Source records:

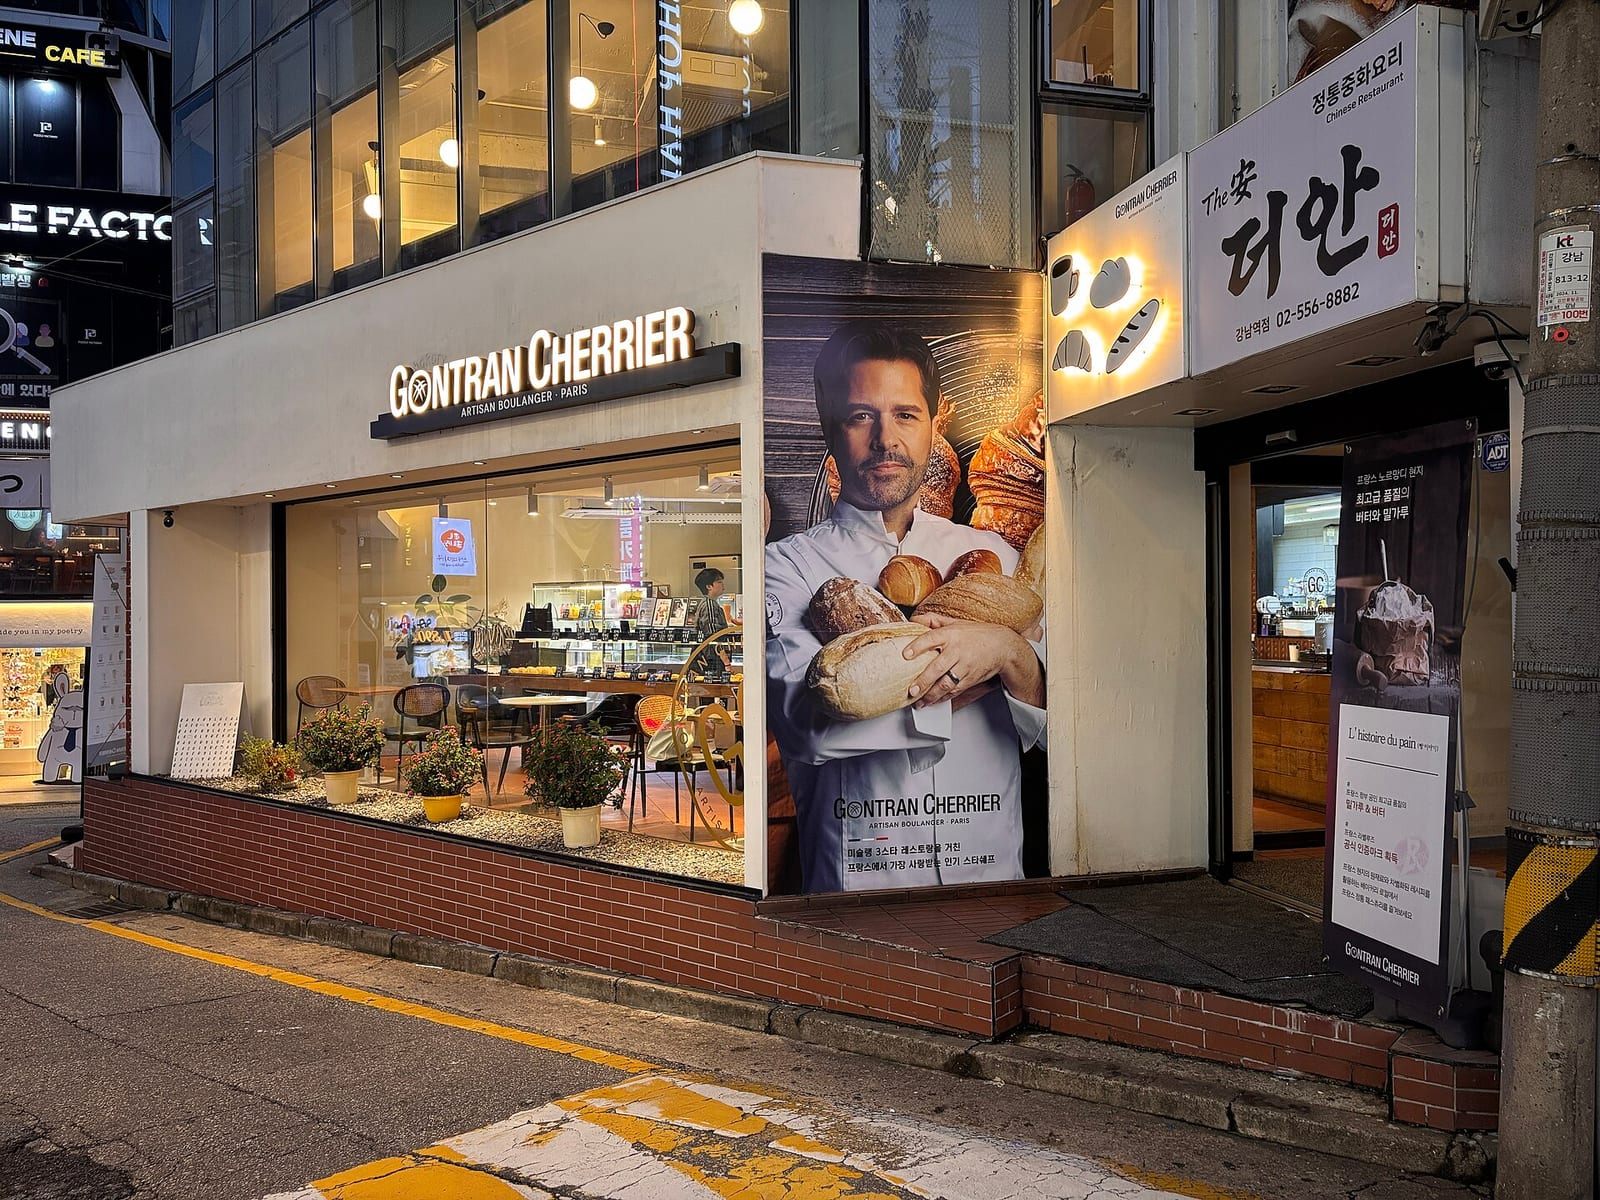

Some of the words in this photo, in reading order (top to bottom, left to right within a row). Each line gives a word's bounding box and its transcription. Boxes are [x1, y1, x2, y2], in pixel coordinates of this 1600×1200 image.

[45, 45, 105, 67] CAFE
[1312, 41, 1402, 115] 정통중화요리
[1326, 100, 1357, 124] Chinese
[1358, 72, 1404, 106] Restaurant
[1115, 190, 1145, 219] GONTRAN
[1146, 170, 1177, 200] CHERRIER
[1202, 187, 1228, 217] The
[47, 206, 213, 245] FACTO
[1221, 144, 1380, 299] 더안
[1381, 208, 1397, 252] 더안
[1556, 235, 1574, 248] kt
[1561, 251, 1584, 263] 강남
[0, 273, 31, 288] 발생
[1555, 274, 1588, 284] 813-12
[1275, 281, 1361, 328] 02-556-8882
[1561, 310, 1588, 319] 100번
[1235, 316, 1271, 343] 강남역점
[389, 345, 522, 418] GONTRAN
[528, 305, 695, 390] CHERRIER
[461, 400, 496, 418] ARTISAN
[498, 391, 553, 411] BOULANGER
[561, 383, 588, 399] PARIS
[1, 422, 51, 440] EN
[1487, 444, 1509, 461] ADT
[1356, 474, 1378, 485] 프랑스
[1378, 467, 1408, 482] 노르망디
[1408, 465, 1424, 479] 현지
[1356, 491, 1381, 505] 최고급
[1383, 486, 1410, 503] 품질의
[1355, 508, 1382, 524] 버터와
[1383, 505, 1409, 522] 밀가루
[1308, 576, 1324, 593] GC
[57, 628, 84, 636] poetry
[1387, 733, 1398, 746] du
[1398, 736, 1417, 750] pain
[833, 797, 919, 820] GONTRAN
[923, 793, 1001, 815] CHERRIER
[1346, 798, 1365, 813] 밀가루
[1365, 804, 1371, 814] &
[1372, 805, 1386, 818] 버터
[869, 821, 899, 829] ARTISAN
[901, 819, 945, 828] BOULANGER
[847, 847, 873, 859] 미슐랭
[875, 846, 898, 857] 3스타
[901, 843, 941, 855] 레스토랑을
[945, 842, 961, 852] 거친
[1344, 838, 1357, 851] 공식
[1357, 842, 1383, 859] 인증마크
[847, 861, 888, 873] 프랑스에서
[889, 860, 906, 870] 가장
[908, 858, 941, 870] 사랑받는
[944, 857, 960, 867] 인기
[1345, 941, 1382, 969] GONTRAN
[1382, 957, 1420, 986] CHERRIER
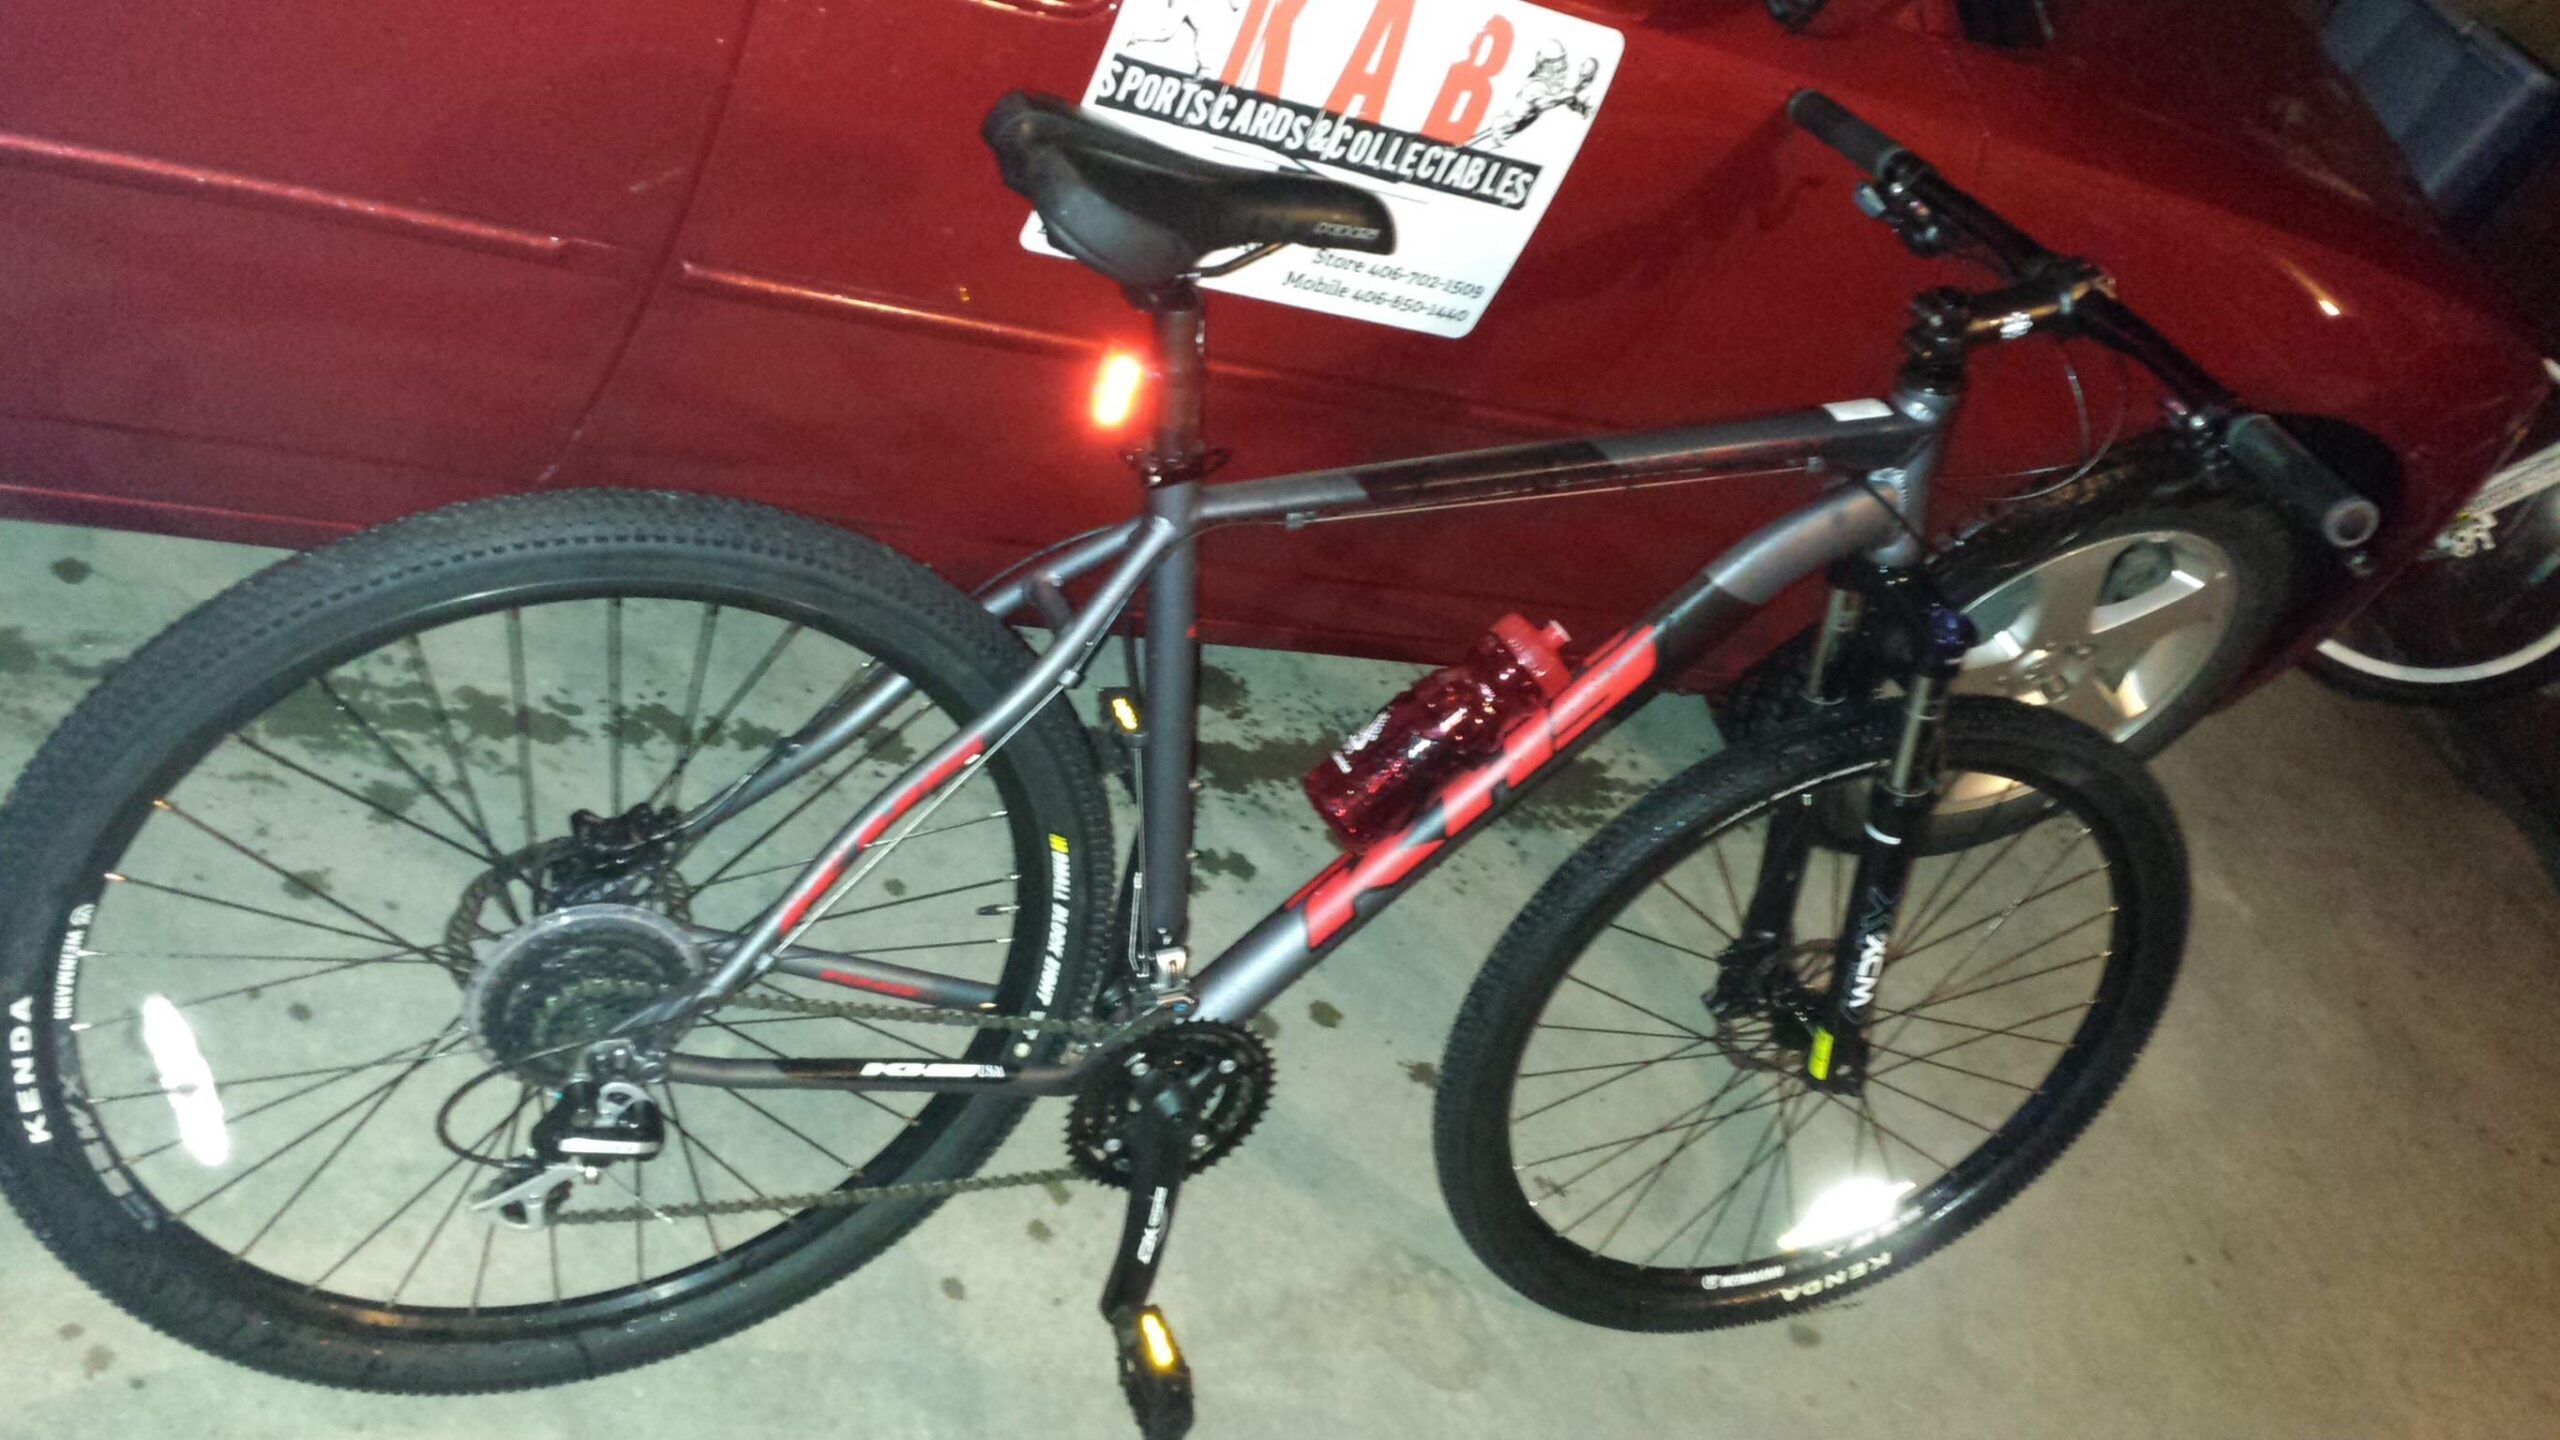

The problem: Tally the lines of the entries above that hold the word "GONTRAN"; the number is the whole answer.

Answer to this problem: 4